▶ [WHAT NEEDS TO BE DONE]: Every record must be copied exactly, except that pictures are dropped.

==== DATASET CONTENT ====

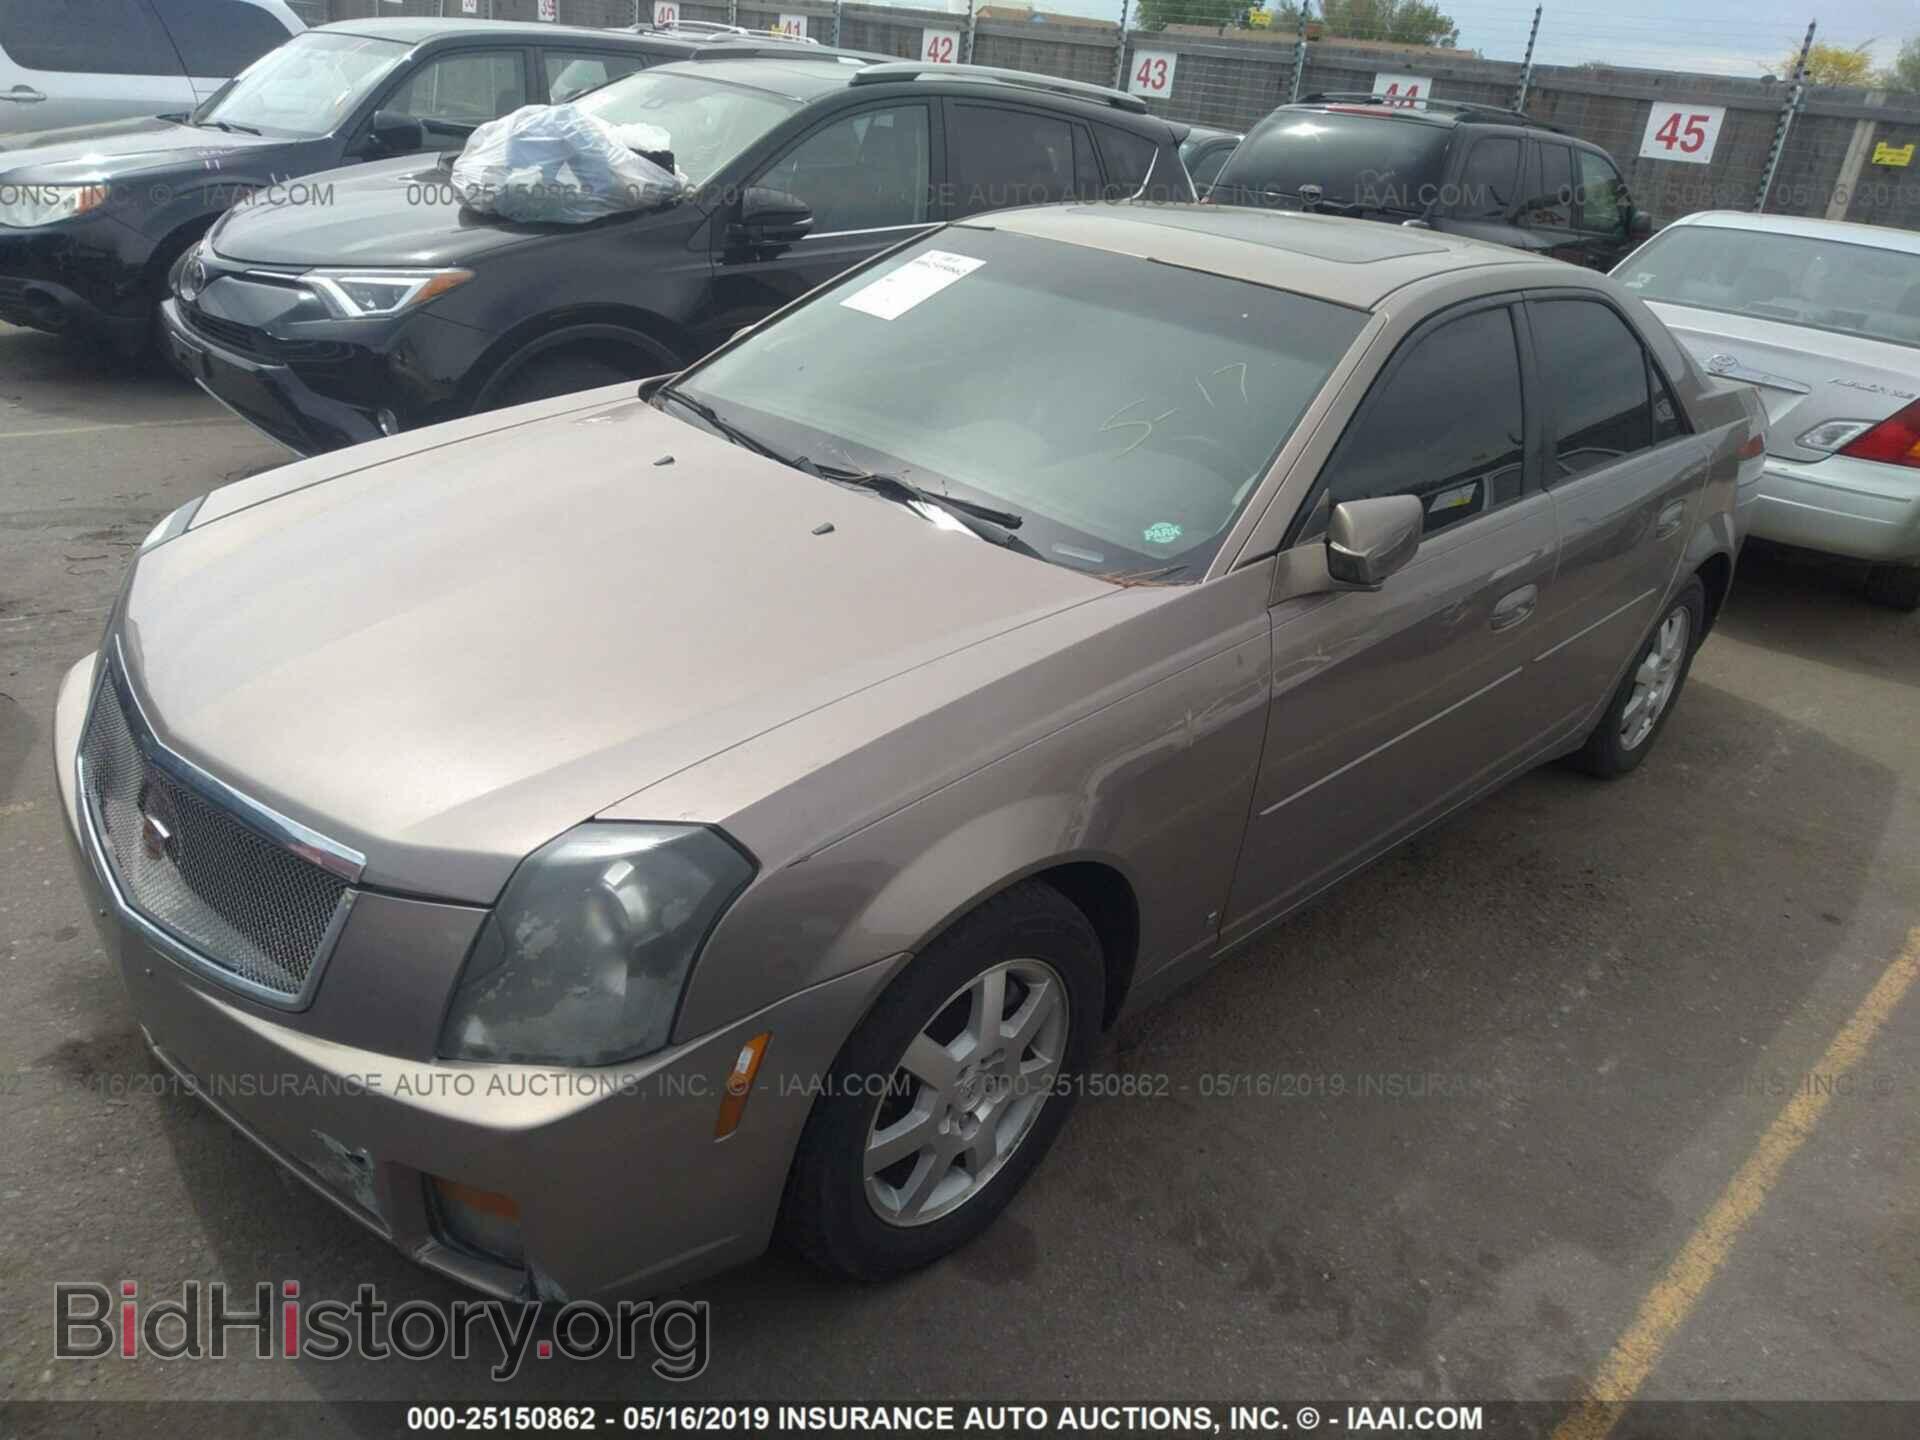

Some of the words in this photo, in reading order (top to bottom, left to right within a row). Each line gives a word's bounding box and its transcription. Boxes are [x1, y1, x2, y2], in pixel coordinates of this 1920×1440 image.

[927, 36, 953, 63] 42
[1136, 58, 1168, 90] 43
[1655, 112, 1710, 153] 45
[1143, 526, 1182, 541] PARK
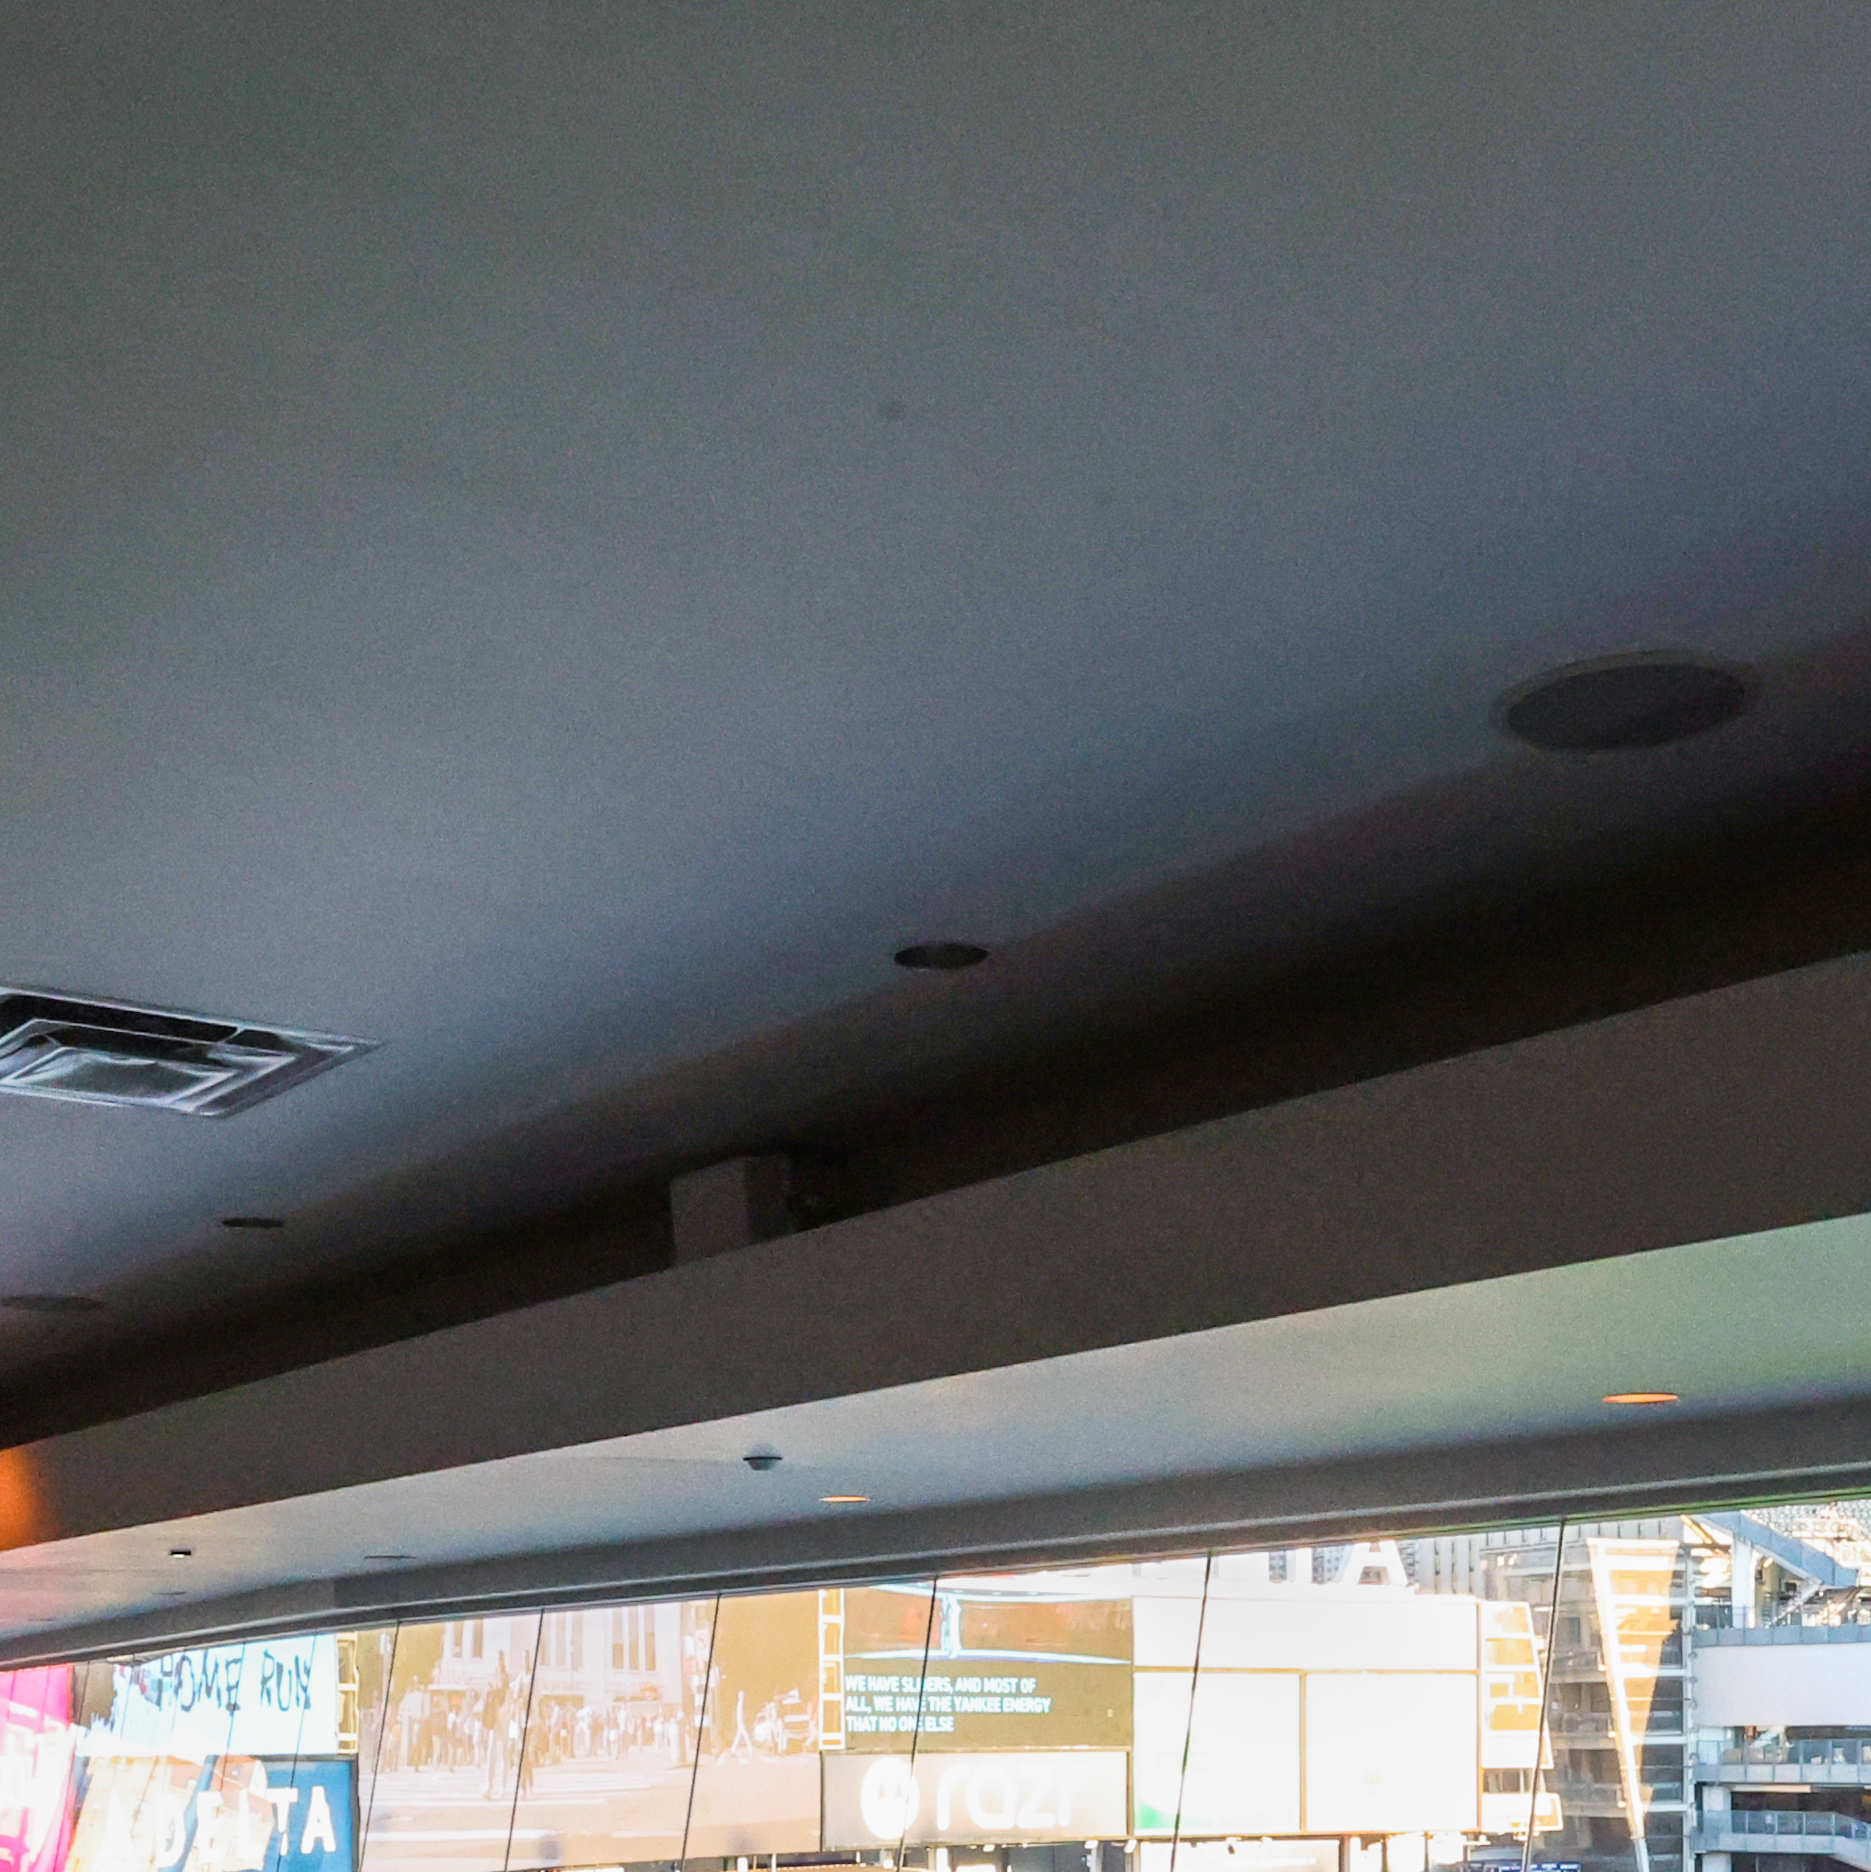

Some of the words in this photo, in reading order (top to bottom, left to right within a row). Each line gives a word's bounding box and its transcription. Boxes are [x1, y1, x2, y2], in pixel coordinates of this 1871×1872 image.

====

▶ [SOLUTION TO THIS TASK]:
Some of the words in this photo, in reading order (top to bottom, left to right within a row). Each line gives a word's bounding box and its transcription. Boxes are [x1, y1, x2, y2], in pixel coordinates of this 1920×1440 image.

[927, 36, 953, 63] 42
[1136, 58, 1168, 90] 43
[1655, 112, 1710, 153] 45
[1143, 526, 1182, 541] PARK

Some of the words in this photo, in reading order (top to bottom, left to right within a row). Each line gives a word's bounding box and its transcription. Boxes are [x1, y1, x2, y2], in pixel coordinates of this 1871×1872 image.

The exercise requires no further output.